5 wasted years: How the “print is dead” mantra has distracted publishers from the real work

Here’s a hopeful article: 6 Things Digital Natives Should Know About Print

It’s hopeful because I’m seeing more and more articles like this — by people who are realizing that all the “digital revolution” kids were just trying to sell us something, and that print is neither dead nor dying.

2013 was the year print forgot to die. It was the year our industry seemed to reach consensus that, for many years to come, we will derive much of our profit from putting ink on paper.

This post title says “5 wasted years.” I just made that up. I don’t know if it’s five or six or what. But that we’ve been wasting time is indisputable.

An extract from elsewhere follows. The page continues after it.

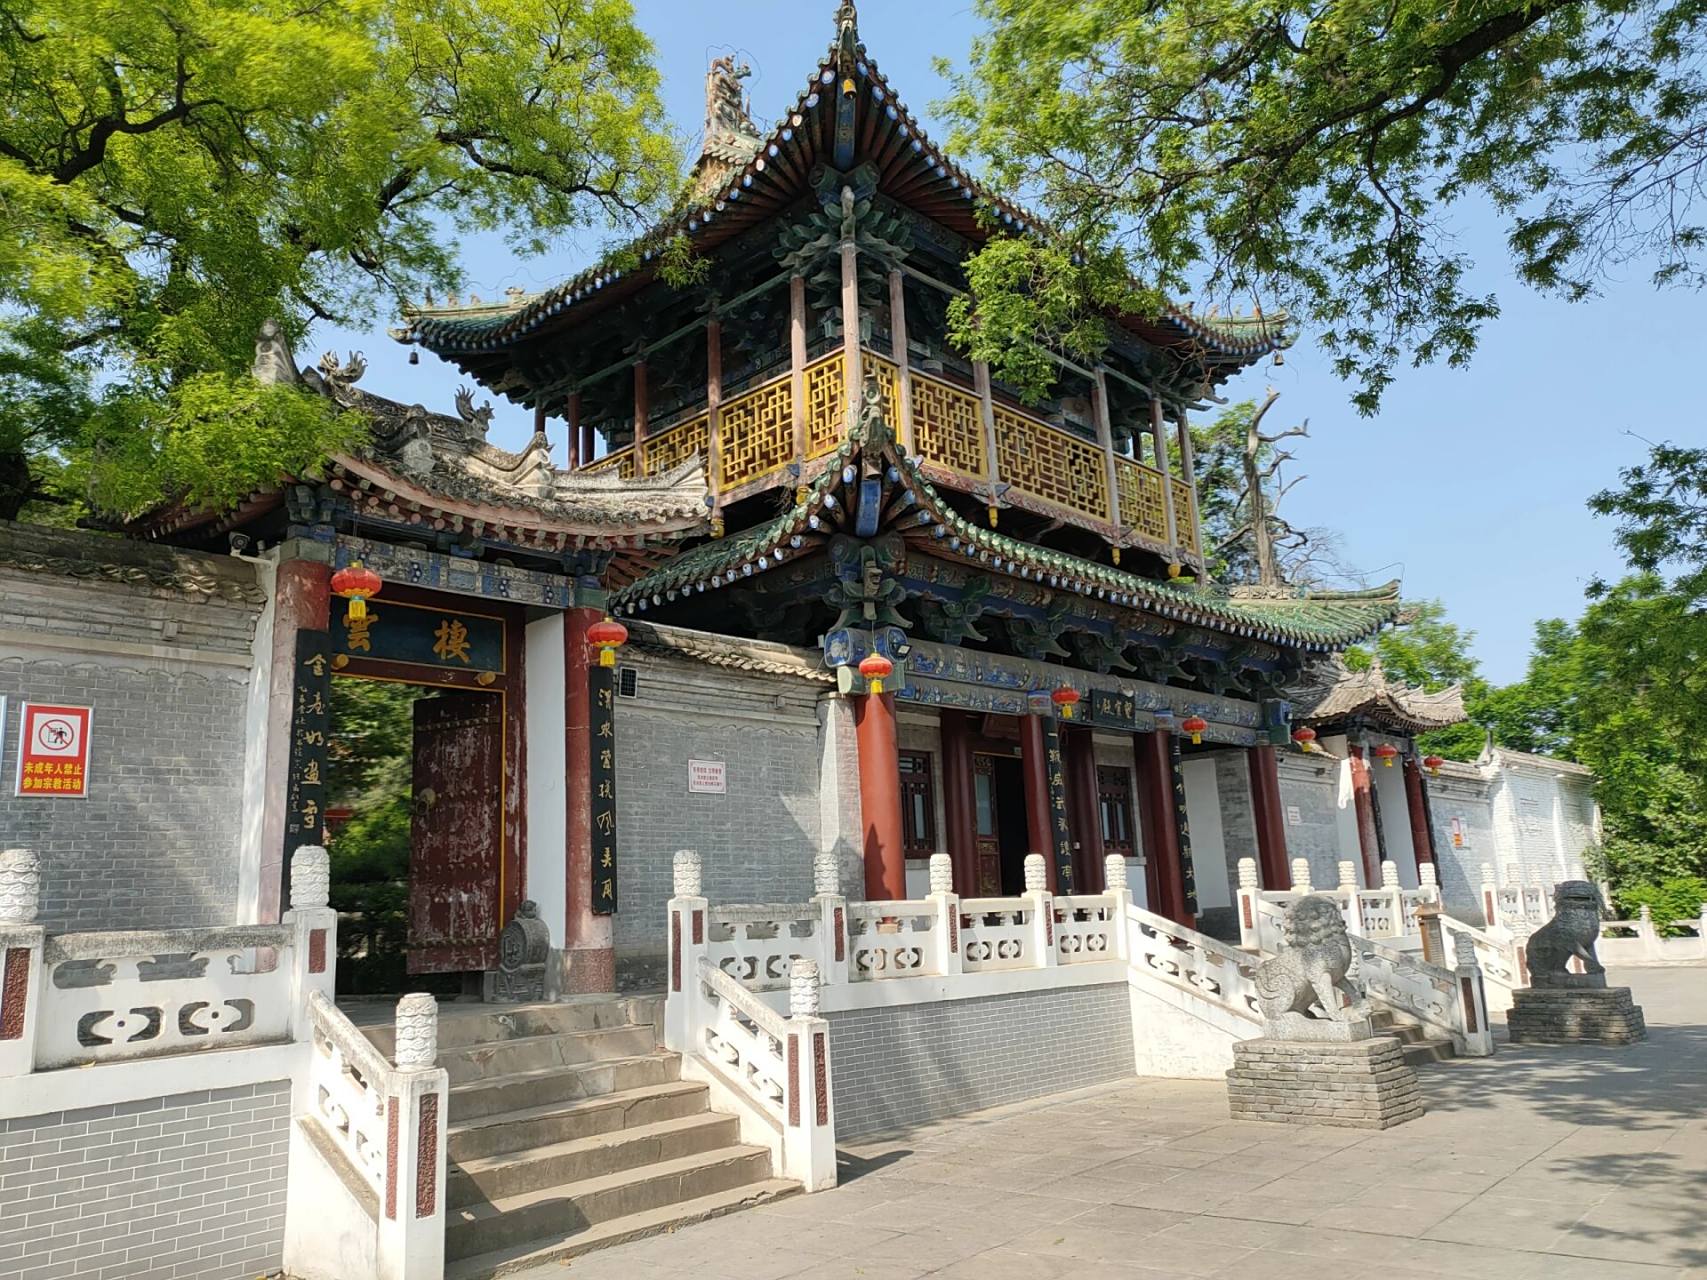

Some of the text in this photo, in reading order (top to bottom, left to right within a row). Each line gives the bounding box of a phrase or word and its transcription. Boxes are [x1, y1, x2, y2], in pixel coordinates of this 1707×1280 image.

[24, 761, 82, 775] 未成年人禁止
[23, 777, 81, 790] 参加宗教活动
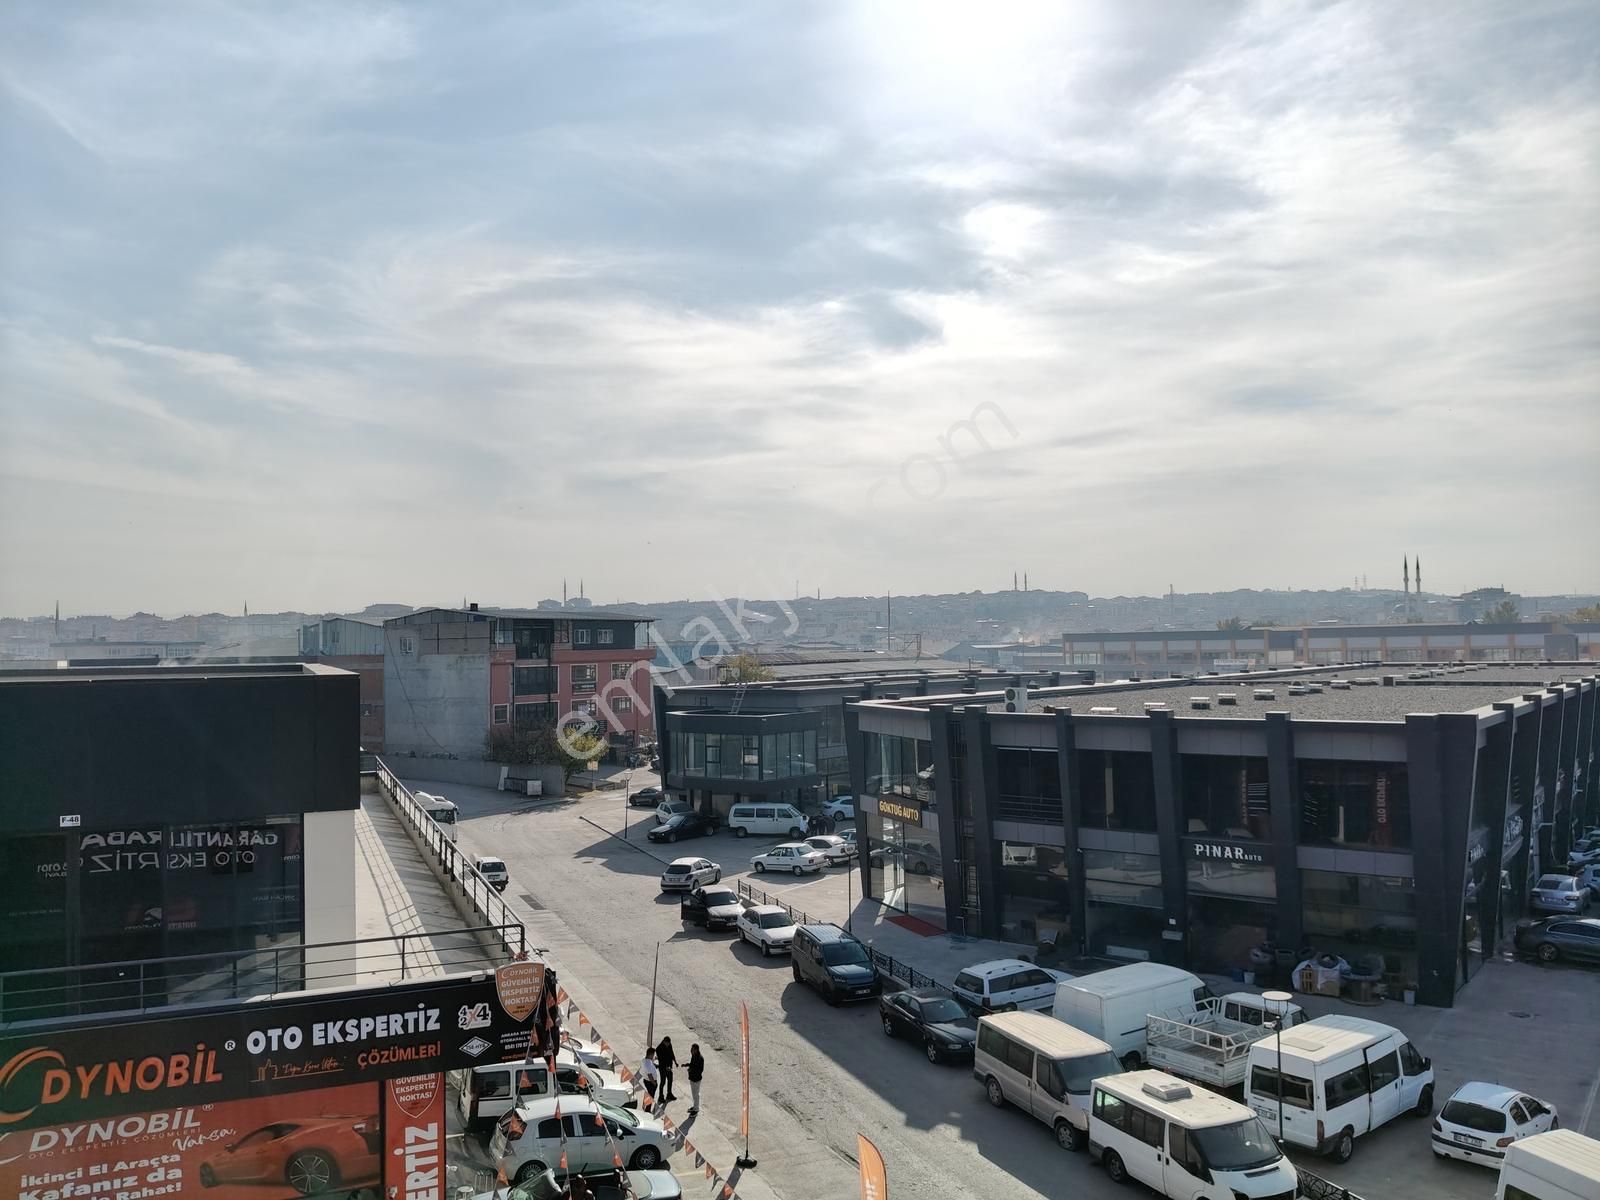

The “print is dead” mantra has so permeated our brains that in our meetings, conferences, and publications, we’ve stopped talking about how to be successful with dead-tree editions or the implications of the latest print-related developments.

Right. We’ve been wasting far too much of our time and resources on the 3 percent.

Consider this. Imagine how different publishing would be today if all the time and effort and meetings and talks and agonizing about “digital” for the past five years had been spent on improving renewal rates. Does anyone doubt that the time would have been better spent?

Don’t get me wrong. The world is changing and digital is a big part of the mix. (Generally speaking that means print + web — not tablet editions or apps or any of that “feed the consultants” stuff.)

But we have to keep things in proportion, and it’s my feeling that the hard times the publishing industry has been through the last several years have been exacerbated by losing track of the core business.